§ TO DO
Word-for-word transcription needed. Include every entry below but no pictures.

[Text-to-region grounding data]
──────

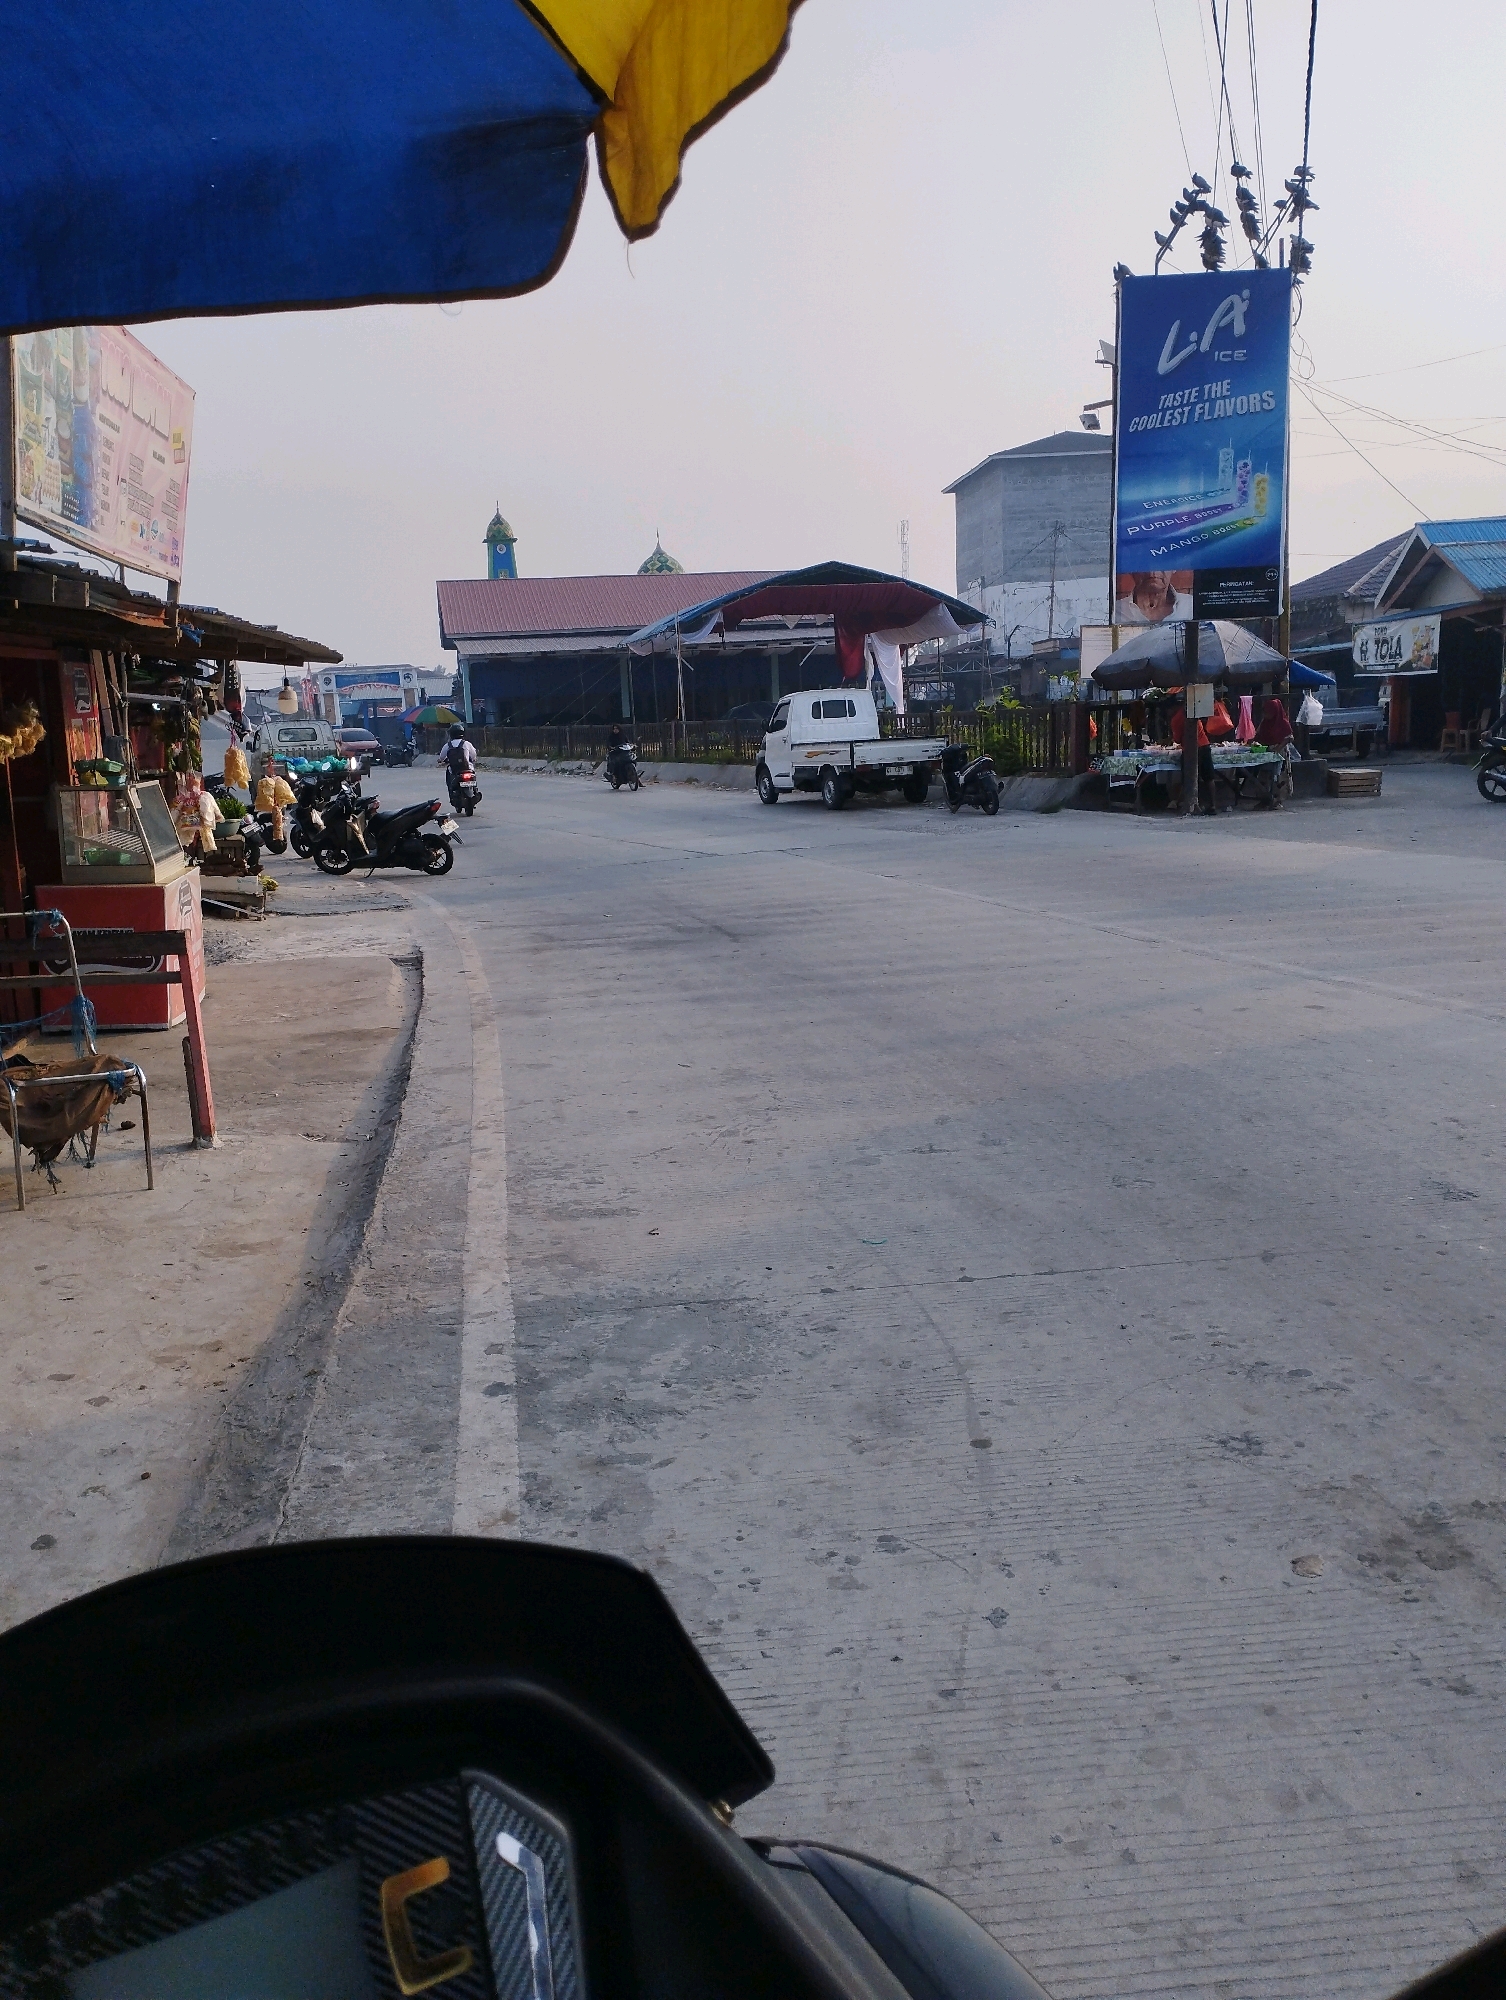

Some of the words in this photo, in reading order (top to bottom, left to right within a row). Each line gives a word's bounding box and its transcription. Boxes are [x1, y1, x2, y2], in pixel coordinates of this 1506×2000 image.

[1214, 350, 1247, 362] ICE
[1158, 386, 1199, 410] TASTE
[1203, 379, 1231, 400] THE
[1128, 405, 1192, 433] COOLEST
[1193, 390, 1276, 422] FLAVORS
[1126, 515, 1192, 536] PURPLE
[1194, 507, 1223, 519] BOOST
[1149, 533, 1209, 557] MANGO
[1211, 522, 1240, 536] BOOST
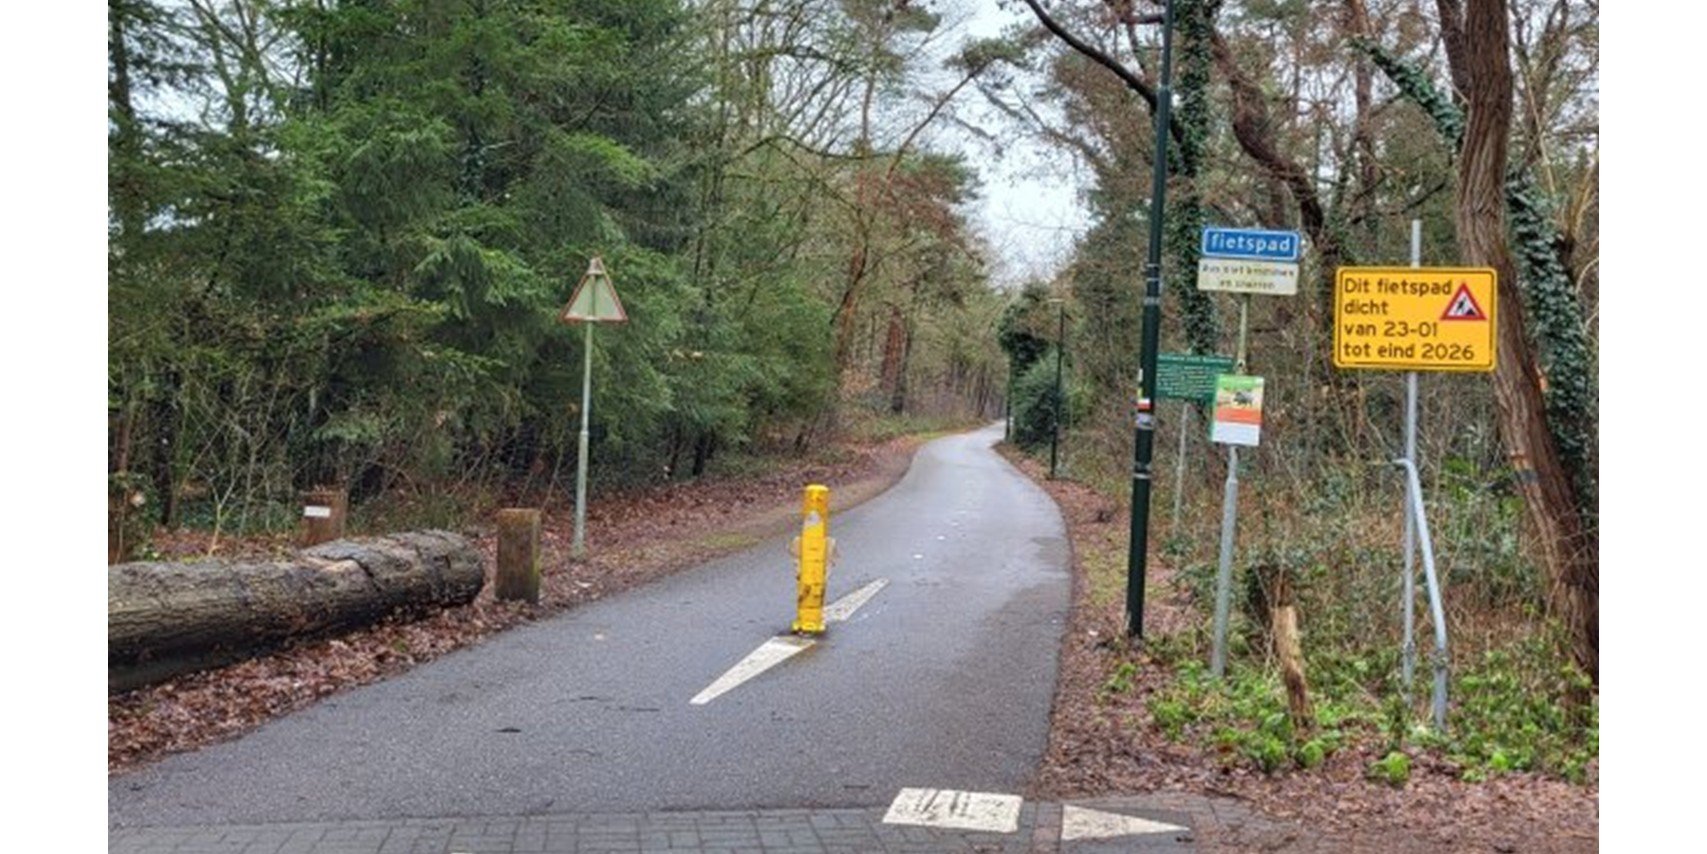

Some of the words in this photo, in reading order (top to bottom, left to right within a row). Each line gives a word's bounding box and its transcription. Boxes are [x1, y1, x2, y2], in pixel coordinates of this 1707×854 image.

──────

§ EXERCISE RESPONSE
Some of the words in this photo, in reading order (top to bottom, left to right within a row). Each line gives a word's bounding box and its transcription. Boxes are [x1, y1, x2, y2], in pixel coordinates of this 1506×2000 image.

[1214, 350, 1247, 362] ICE
[1158, 386, 1199, 410] TASTE
[1203, 379, 1231, 400] THE
[1128, 405, 1192, 433] COOLEST
[1193, 390, 1276, 422] FLAVORS
[1126, 515, 1192, 536] PURPLE
[1194, 507, 1223, 519] BOOST
[1149, 533, 1209, 557] MANGO
[1211, 522, 1240, 536] BOOST

Some of the words in this photo, in reading order (top to bottom, left to right within a row). Each line gives a word's bounding box and its transcription. Boxes are [x1, y1, x2, y2], in pixel coordinates of this 1707×854 image.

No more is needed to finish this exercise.